I wrote the output to this gannet folder instead of trying to deal with large files my Github repository.

Individual SNPs

Since I ran the script successfully, I moved onto SNP identification from individual files! I modified a loop from Mac to identify SNPs in my files. First, I changed my working directory to the one with BAM files. Within the same code chunk, I needed to create variables for the file names, then use the modified file names within the BS-Snper loop:

%%bash

FILES=$(ls *deduplicated.sorted.bam)
echo ${FILES}

for file in ${FILES}
do
    NAME=$(echo ${file} | awk -F "." '{print $1}')
    echo ${NAME}

    perl /Users/Shared/Apps/BS-Snper-master/BS-Snper.pl \
    --fa /Volumes/web/spartina/project-oyster-oa/data/Cg-roslin/cgigas_uk_roslin_v1_genomic-mito.fa \
    --input ${NAME}.deduplicated.sorted.bam \
    --output ${NAME}.SNP-candidates.txt \
    --methcg ${NAME}.CpG-meth-info.tab \
    --methchg ${NAME}.CHG-meth-info.tab \
    --methchh ${NAME}.CHH-meth-info.tab \
    --mincover 5 \
    > ${NAME}.SNP-results.vcf 2> ${NAME}.ERR.log

done

Initially I specified --fa with a FASTA variable, but I kept running into an error! I then remembered that within Jupyter notebooks I had issues specifying variables within loops, so I used the absolute file path instead. Once I had all the files, I moved them to the BS-Snper directory on gannet.

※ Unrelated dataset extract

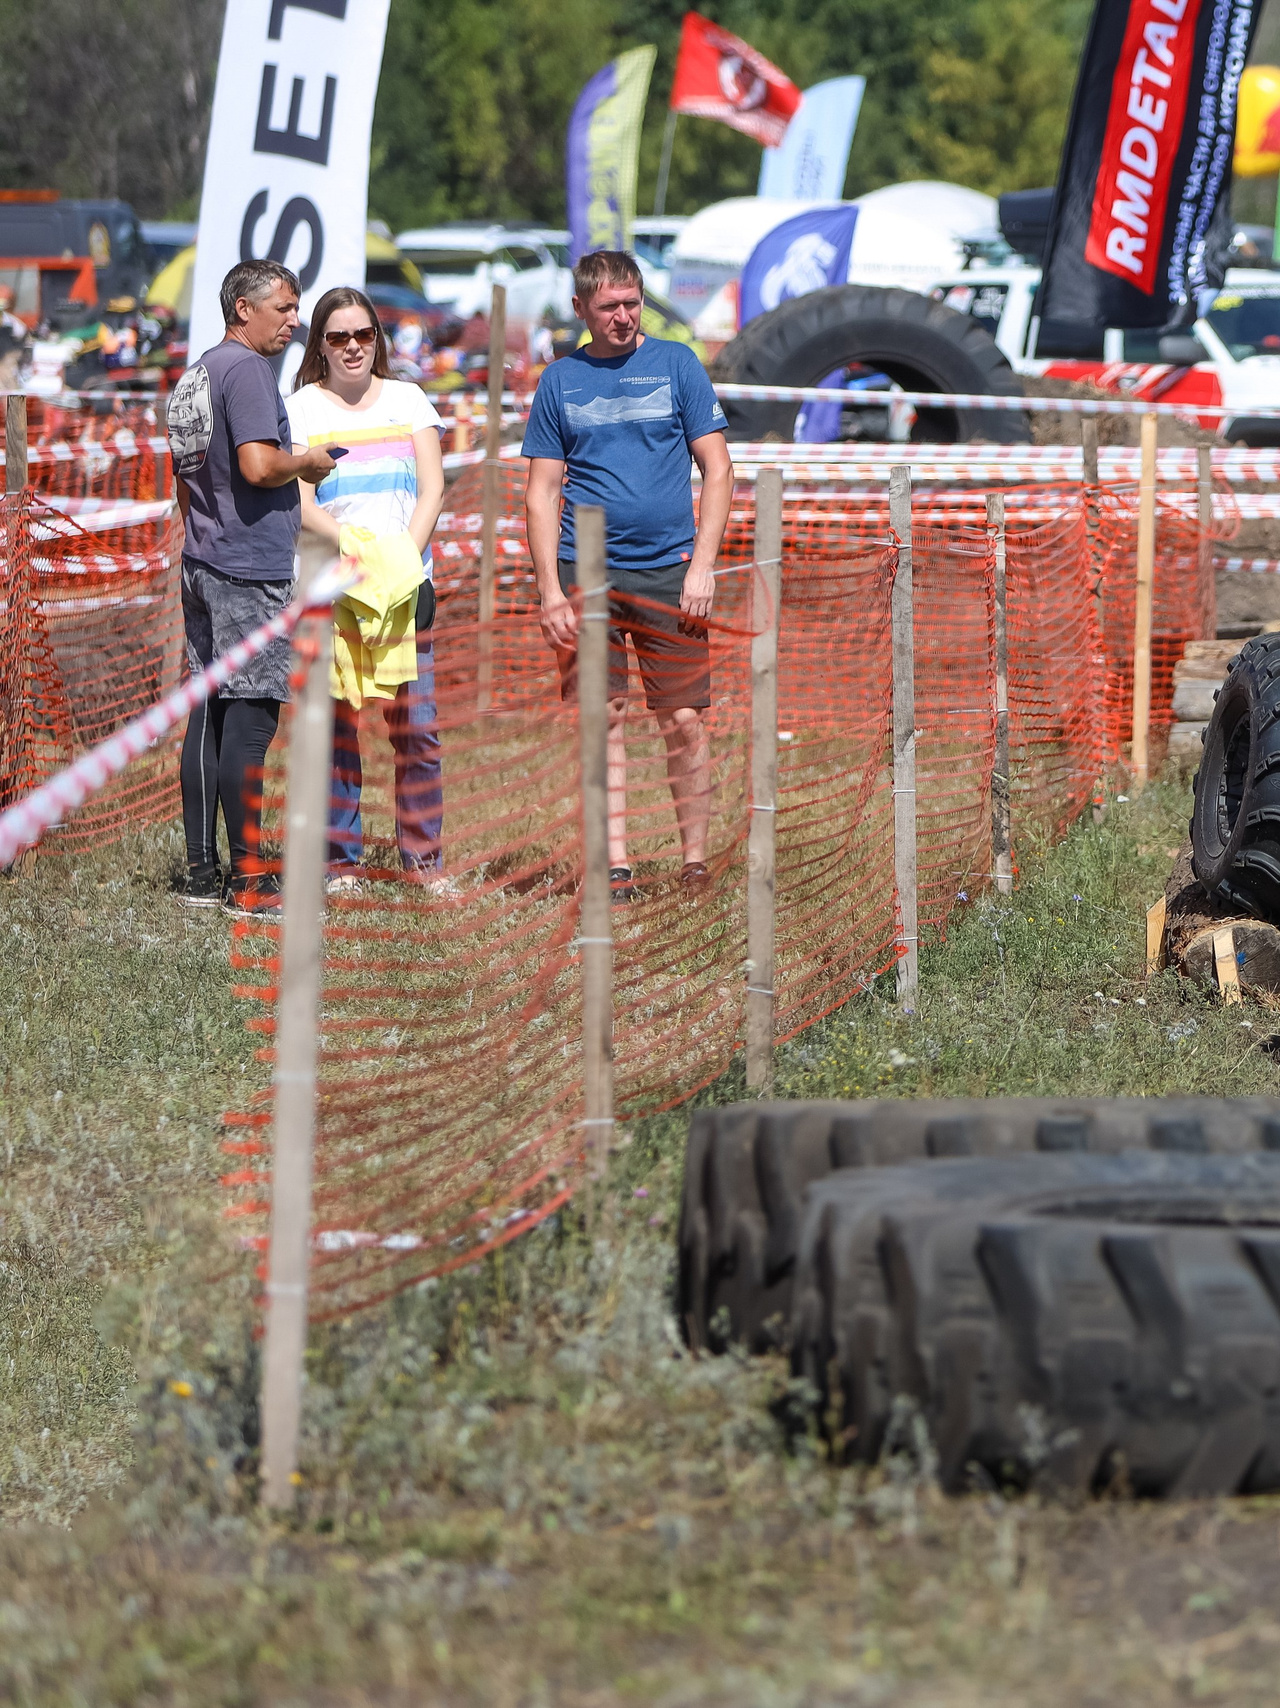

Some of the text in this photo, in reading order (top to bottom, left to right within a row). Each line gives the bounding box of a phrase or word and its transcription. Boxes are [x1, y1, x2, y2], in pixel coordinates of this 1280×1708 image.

# Move files to BS-Snper directory
!mv *SNP-candidates.txt *meth-info.tab *SNP-results.vcf *ERR.log ../BS-Snper/

Katherine suggested I merge with vcf-merge, but I don’t think I need to do that if I could run a loop with bedtools intersect to determine if any individual SNPs overlap with DML. Now that I identified SNPs for this dataset, I can do something similar with the Manchester data! I’m also going to try EpiDiverse/snp since it would give me a relatedness matrix in addition to SNP variants.

Going forward

Try EpiDiverse/snp for SNP extraction from WGBS data
Run methylKit script on mox
Investigate comparison mechanisms for samples with different ploidy in oysters and other taxa
Test-run DSS and ramwas
Transfer scripts used to a nextflow workflow
Update methods
Update results

Written on April 5, 2021